GIVEN INFORMATION Start Marker
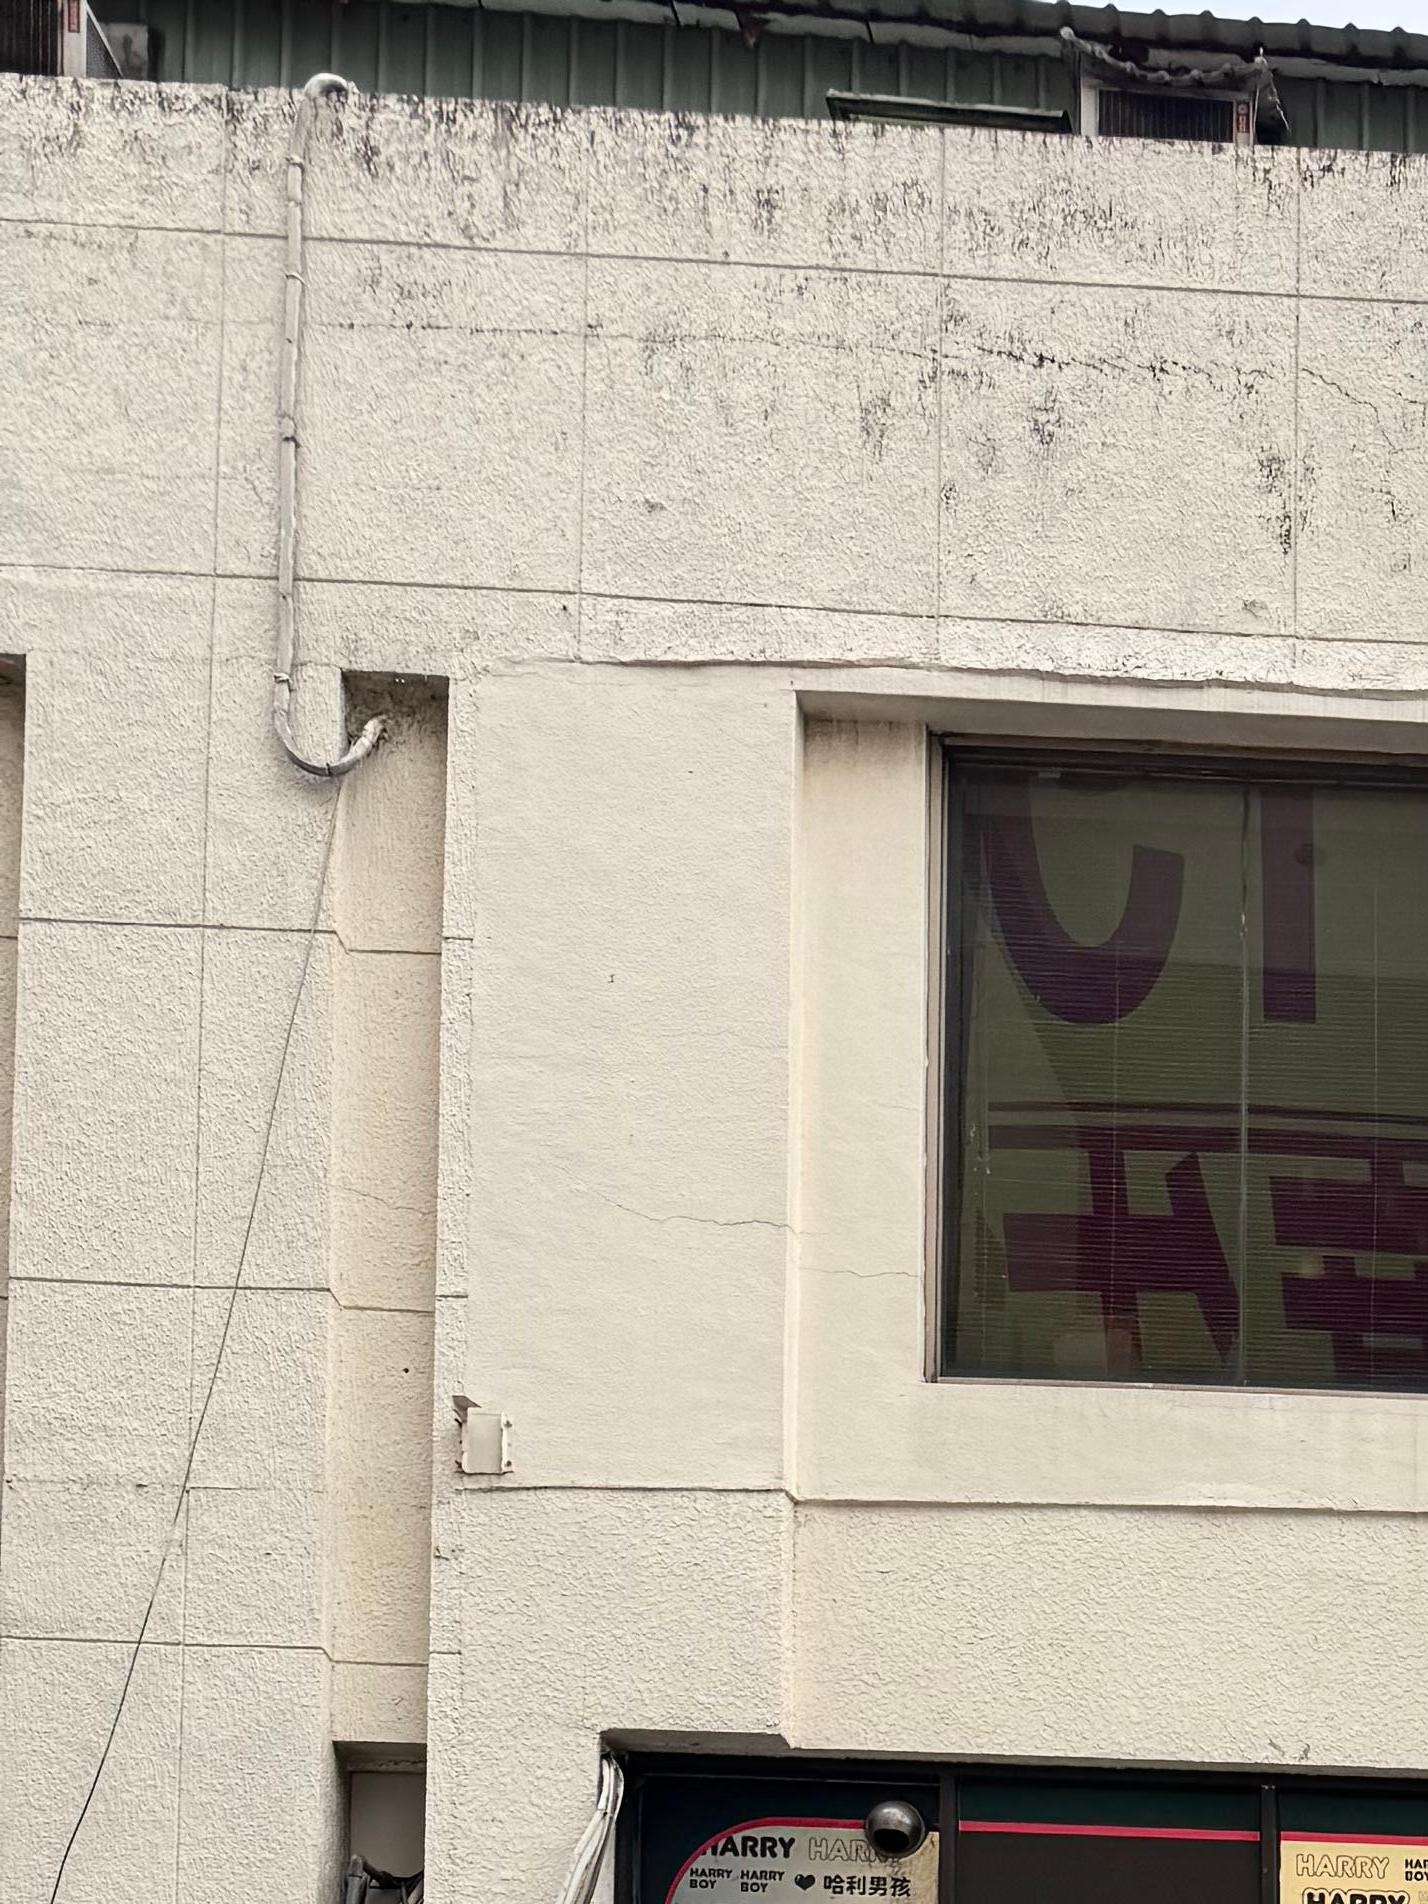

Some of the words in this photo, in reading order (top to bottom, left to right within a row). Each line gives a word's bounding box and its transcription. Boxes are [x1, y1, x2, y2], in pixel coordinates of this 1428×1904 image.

[1296, 1854, 1389, 1879] HARRY
[690, 1868, 732, 1879] HARRY
[740, 1870, 784, 1881] HARRY
[690, 1879, 716, 1888] BOY
[740, 1882, 768, 1893] BOY
[824, 1874, 911, 1897] 哈利男孩
GIVEN INFORMATION End Marker
AIM OF THE TASK:
If a picture appears in the data, omit it; transcribe all the rest exactly.

OUTPUT:
Some of the words in this photo, in reading order (top to bottom, left to right within a row). Each line gives a word's bounding box and its transcription. Boxes are [x1, y1, x2, y2], in pixel coordinates of this 1428×1904 image.

[1296, 1854, 1389, 1879] HARRY
[690, 1868, 732, 1879] HARRY
[740, 1870, 784, 1881] HARRY
[690, 1879, 716, 1888] BOY
[740, 1882, 768, 1893] BOY
[824, 1874, 911, 1897] 哈利男孩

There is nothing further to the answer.